In the past 2 years, I have been a member of the Host Scientific Committee (HSC) of the IOI. This is the body that comes up with problems and test data. While it consists primarily of people from the host country (Bulgaria in 2009, Canada in 2010), typically the host will have a call-for-problems and invite the authors of problems they intend to use.
This year, I was elected member of the International Scientific Committee (ISC). This committee works together with the HSC on the scientific aspects, the hope being that a perenial body will maintain similar standards of quality from one year to another. There are 3 elected members in the ISC, each serving 3-year terms (one position is open each year).
I anticipate this will be a lot of fun, and you will probably hear more about the IOI during this time.
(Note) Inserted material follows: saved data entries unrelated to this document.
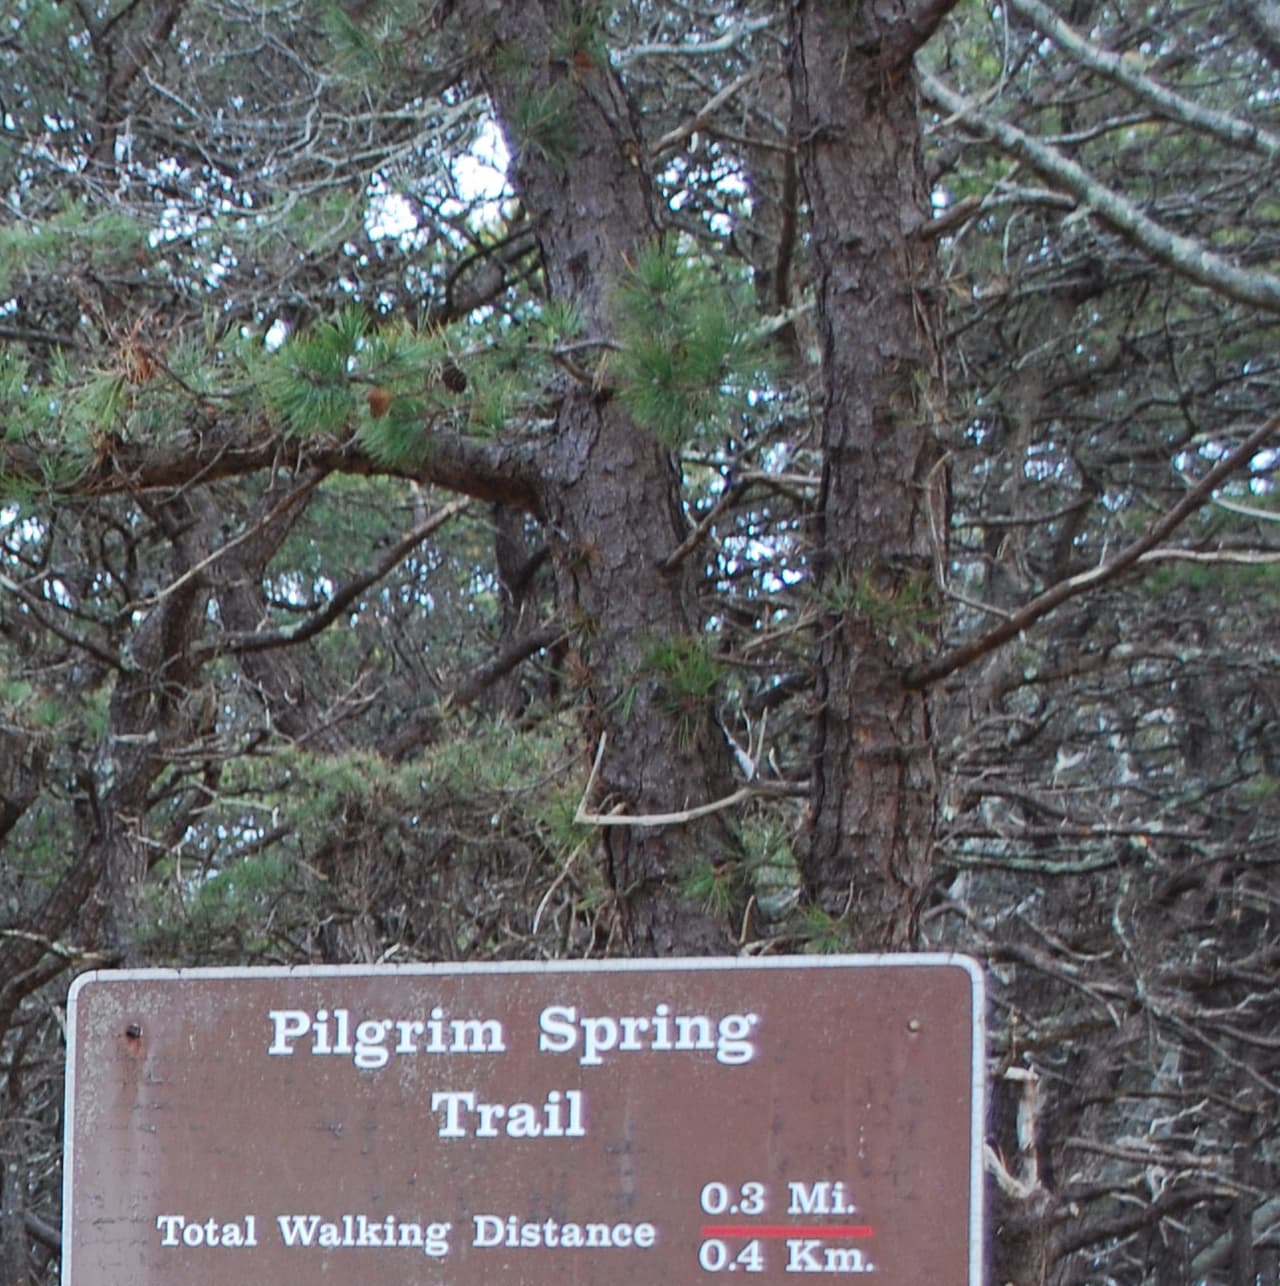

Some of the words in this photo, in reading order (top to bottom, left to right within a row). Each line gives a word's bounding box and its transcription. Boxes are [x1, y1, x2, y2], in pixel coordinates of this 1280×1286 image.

[268, 1008, 506, 1069] Pilgrim
[539, 1004, 758, 1065] Spring
[431, 1090, 586, 1137] Trail
[700, 1181, 765, 1214] 0.3
[787, 1181, 857, 1214] Mi.
[156, 1215, 257, 1247] Total
[278, 1215, 451, 1256] Walking
[472, 1214, 657, 1247] Distance
[698, 1239, 764, 1272] 0.4
[785, 1239, 875, 1272] Km.
When a call for problems comes up (will be advertised here), do consider submitting!
I will end with an unusual problem from this IOI:
Consider the largest 50 languages on Wikipedia. We picked 200 random articles in each language, and extracted an excerpt of 100 consecutive characters from each. You will receive these 10000 texts one at a time in random order, and for each you have to guess its language. After each guess, your algorithm learns the correct answer. The score is the percentage of correct guesses.Considering the tiny amount of training data and the real-time nature of guessing, one might not expect too good solutions. However, it turns out that one can get around 90% accuracy with relatively simple ideas.
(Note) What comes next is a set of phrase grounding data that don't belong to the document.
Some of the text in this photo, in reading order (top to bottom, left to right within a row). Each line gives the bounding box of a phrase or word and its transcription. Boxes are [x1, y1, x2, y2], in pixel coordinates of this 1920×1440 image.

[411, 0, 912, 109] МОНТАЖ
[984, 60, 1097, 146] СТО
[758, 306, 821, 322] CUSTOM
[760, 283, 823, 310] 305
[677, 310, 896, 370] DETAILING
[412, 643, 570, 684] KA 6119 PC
To discourage students from coding a lot of special rules, a random permutation is applied to the Unicode alphabet, and the language IDs are random values. So, essentially, you start with zero knowledge.
My own approach was to define Score(text, language) as the minimal number of substrings seen previously in this language that compose the text. This can be computed efficiently by maintaining a suffix tree for each language, and using it to answer longest common prefix queries.